Re: Latin letter GHA or Latin letter IO ?

From: Kenneth Whistler (
Date: Mon Jan 05 2004 - 16:42:27 EST

  • Next message: "U+0185 in Zhuang and Azeri (was Re: unicode Digest V4 #3)"

    Peter Kirk wrote in response to Philippe Verdy:

    > But you do seem to have found a real problem with the standard. If the
    > character name is not guaranteed to be an accurate means of
    > identification of the character, and the glyph is not normative, how can
    > I know from the standard that U+01A3 is intended to be this pan-Turkic
    > gha, i.e. that that is its fundamental character identity, and that it
    > is not in fact a character in some other even more obscure variant Latin
    > alphabet which is actually named or pronounced "oi"? Of course the notes
    > do help, as does the glyph, but these are not normative.

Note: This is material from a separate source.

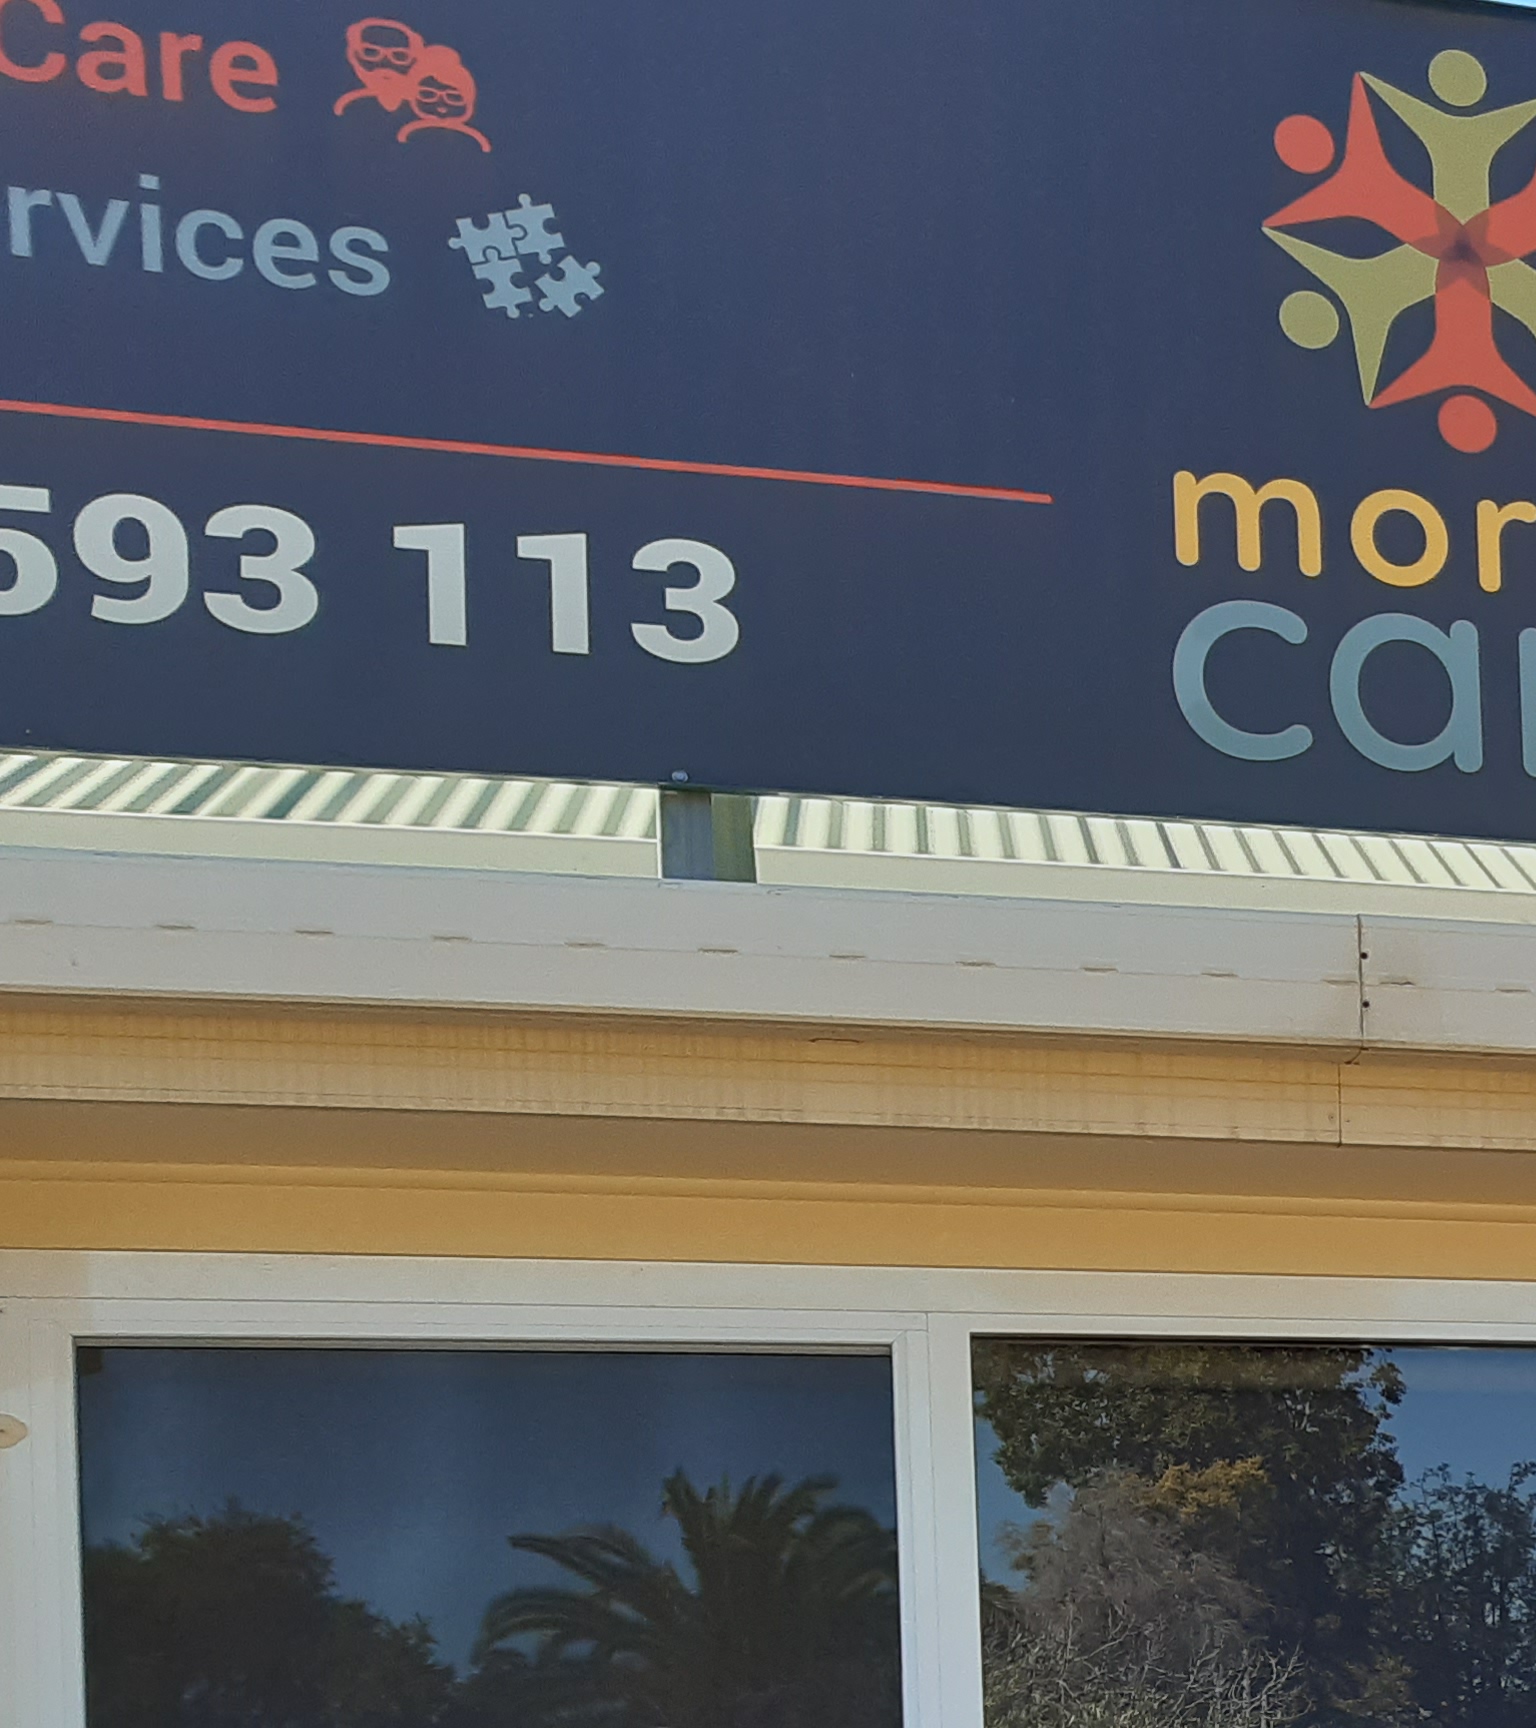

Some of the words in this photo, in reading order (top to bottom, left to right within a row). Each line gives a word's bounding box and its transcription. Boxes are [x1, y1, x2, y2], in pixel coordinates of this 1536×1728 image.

[0, 0, 278, 112] Care
[8, 173, 391, 296] rvices
[392, 523, 740, 663] 113

    You know by making use of the standard, where the informative
    notes (= gha, * Pan-Turkic Latin alphabets) were added precisely
    to enable the proper identification.

    You also know, in the case of confusing edge cases, by coming
    to this discussion list and browsing through the archives for
    the "story" of U+01A2/U+10A3, which is abundantly documented
    there, or by asking the various experts who are familiar with
    the intent of the standard.

    This is all *much*, *much* easier than some of the problems
    posed by Han characters, where the identity of many of the
    obscure, historic characters is a matter of extensive research
    into the cross-references in Unihan.txt to pin them down to
    sources and differentiate them from the numerous kinds of
    variants that occur in the vast sea of Han characters.

    For the nit-pickers, here is my assessment of the status of
    name and glyph in the standard.

    The character name is normative and immutable. That doesn't
    mean that it is always "correct", as we have discovered in
    cases such as U+01A3. The character name is also a mandatory
    part of the documentation of the standard -- it is present
    for every character, either explicitly listed or a rule
    given whereby it can be derived (for Hangul and Han).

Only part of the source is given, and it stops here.